There is an oddly religious hue to some of the work, in the way that many of the objects feel like reliquaries; fragile remnants housed in protective vessels. Mr. He-Who-Stands-At-The-Door-And-Knocks, reads almost as an open sarcophagus and in The Belt (whichmadeitworse), the charred black grate of the mailbox is reminiscent of the screen through which a priest hears confessional. From the two arms of the mailbox hang a dying or lifeless belt, which appears to be an inanimate Pietá if such thing could exist.
Herschlein’s work is striking because it employs a specific type of narrative figuration that is rarely used in contemporary sculpture, which has yet to catch up to the slew of contemporary figurative painters (see this year’s Whitney Biennial). After years of zombie formalism, post-minimalism, and process-based work, Herschlein’s sculpture feels surprisingly current given its somewhat traditional presentation. There are nods to important art of the last 50 years, most notably some undeniable Gober moments, but where Gober obsesses over meticulous craftsmanship, Herschlein allows interjections of readymades (a Home-Depot type stock sink faucet in Answer If You Can and an Ikea type glass in Table) which makes more sense for a millennial generation that doesn’t hesitate to appropriate, rehash, scavenge or sample. It lends a causality to the work that is absolutely fine.
We Found A Piece Of Your Mouth On The Ground,” he said (detail, right)
The show also includes several works on paper, seemingly dovetailing off the sculpture, which feature different figures and objects in a various domestic spaces. Many of these drawings, such as I Do The Same Things You Do, don’t quite do justice to the larger works as they seem to partake in a type of slapstick surrealism that is not as thoughtful as the rest of the work.
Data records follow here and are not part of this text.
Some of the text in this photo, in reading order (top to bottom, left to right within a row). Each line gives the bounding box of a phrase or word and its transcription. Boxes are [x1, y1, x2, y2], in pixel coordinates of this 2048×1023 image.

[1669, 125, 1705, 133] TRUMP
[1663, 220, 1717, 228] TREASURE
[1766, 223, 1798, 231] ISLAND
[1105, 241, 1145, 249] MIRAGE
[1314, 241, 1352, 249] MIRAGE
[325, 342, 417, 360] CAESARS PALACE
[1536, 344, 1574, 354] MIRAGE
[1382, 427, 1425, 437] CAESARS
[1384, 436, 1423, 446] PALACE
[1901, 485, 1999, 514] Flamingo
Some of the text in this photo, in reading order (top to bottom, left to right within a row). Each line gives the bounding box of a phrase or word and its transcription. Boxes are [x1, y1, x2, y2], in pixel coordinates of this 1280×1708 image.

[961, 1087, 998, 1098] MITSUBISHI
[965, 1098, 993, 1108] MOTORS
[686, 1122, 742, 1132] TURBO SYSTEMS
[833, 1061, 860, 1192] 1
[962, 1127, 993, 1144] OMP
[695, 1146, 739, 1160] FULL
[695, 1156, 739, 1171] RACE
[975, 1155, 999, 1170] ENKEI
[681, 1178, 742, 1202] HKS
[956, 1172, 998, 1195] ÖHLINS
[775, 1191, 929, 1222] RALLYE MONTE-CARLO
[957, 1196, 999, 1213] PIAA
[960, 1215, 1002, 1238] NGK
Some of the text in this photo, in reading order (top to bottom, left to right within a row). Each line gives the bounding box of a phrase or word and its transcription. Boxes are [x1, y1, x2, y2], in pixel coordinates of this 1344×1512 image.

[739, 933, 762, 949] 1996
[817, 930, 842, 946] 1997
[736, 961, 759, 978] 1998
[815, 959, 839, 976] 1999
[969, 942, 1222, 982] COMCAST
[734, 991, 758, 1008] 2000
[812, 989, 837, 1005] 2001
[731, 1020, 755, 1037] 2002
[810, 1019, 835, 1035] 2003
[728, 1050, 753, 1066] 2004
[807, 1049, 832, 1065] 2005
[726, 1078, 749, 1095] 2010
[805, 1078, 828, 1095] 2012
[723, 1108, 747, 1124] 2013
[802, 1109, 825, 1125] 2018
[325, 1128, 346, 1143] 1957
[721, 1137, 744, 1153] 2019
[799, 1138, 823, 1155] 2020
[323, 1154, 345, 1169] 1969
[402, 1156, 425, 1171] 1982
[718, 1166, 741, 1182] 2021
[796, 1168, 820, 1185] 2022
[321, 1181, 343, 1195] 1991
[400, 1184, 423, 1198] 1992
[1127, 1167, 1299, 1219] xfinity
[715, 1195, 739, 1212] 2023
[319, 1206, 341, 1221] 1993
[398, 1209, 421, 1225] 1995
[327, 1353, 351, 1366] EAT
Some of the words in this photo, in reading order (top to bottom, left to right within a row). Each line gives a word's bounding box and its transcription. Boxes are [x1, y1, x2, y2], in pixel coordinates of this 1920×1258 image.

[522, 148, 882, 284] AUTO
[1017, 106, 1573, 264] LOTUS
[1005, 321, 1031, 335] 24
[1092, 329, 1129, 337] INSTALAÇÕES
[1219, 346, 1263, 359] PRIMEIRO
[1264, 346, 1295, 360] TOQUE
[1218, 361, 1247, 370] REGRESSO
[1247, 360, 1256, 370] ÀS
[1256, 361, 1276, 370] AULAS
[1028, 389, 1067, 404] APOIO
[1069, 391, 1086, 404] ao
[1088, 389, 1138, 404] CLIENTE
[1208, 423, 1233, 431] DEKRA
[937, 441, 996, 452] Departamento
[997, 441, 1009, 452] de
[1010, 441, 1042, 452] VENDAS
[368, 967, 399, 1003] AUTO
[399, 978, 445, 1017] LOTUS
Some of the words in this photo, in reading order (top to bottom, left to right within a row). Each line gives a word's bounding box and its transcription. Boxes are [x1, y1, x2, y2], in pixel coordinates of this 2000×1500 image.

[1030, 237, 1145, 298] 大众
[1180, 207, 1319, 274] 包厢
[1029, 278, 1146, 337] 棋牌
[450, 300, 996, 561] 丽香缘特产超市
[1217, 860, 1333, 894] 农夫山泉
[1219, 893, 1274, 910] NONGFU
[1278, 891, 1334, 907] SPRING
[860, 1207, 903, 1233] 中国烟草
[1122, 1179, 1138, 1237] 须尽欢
The best drawings are actually the various black plaster belt sculptures that dot the exhibition installation. Alive and gestural, yet existing as static sculpture, they echo a kind of ab-ex mark making that activates the show.
Like some of the other sculptural wall work, “We Found A Piece Of Your Mouth On The Ground,” he said, plays with the language of formal painting by using a lifesize window as a framing device and a headless figure against a ground comprised of a blacked-out landscape of a white picket fence and trees. The arms of the figure jut out beyond the picture plain in offering of the figure’s own mouth. This Lynchian moment points to an overarching interest within Herschlein’s work in the idea of the dismembered self. This disconnection is less of the kind that reflects a culture of internet memes or rough jump cuts (of the kind Ryan Trecartin does so well) but an ancient alienation of the fractured human self. The difference here is that instead of dwelling on the fracture itself, it appears Herschlein invites us to put the fragments back together.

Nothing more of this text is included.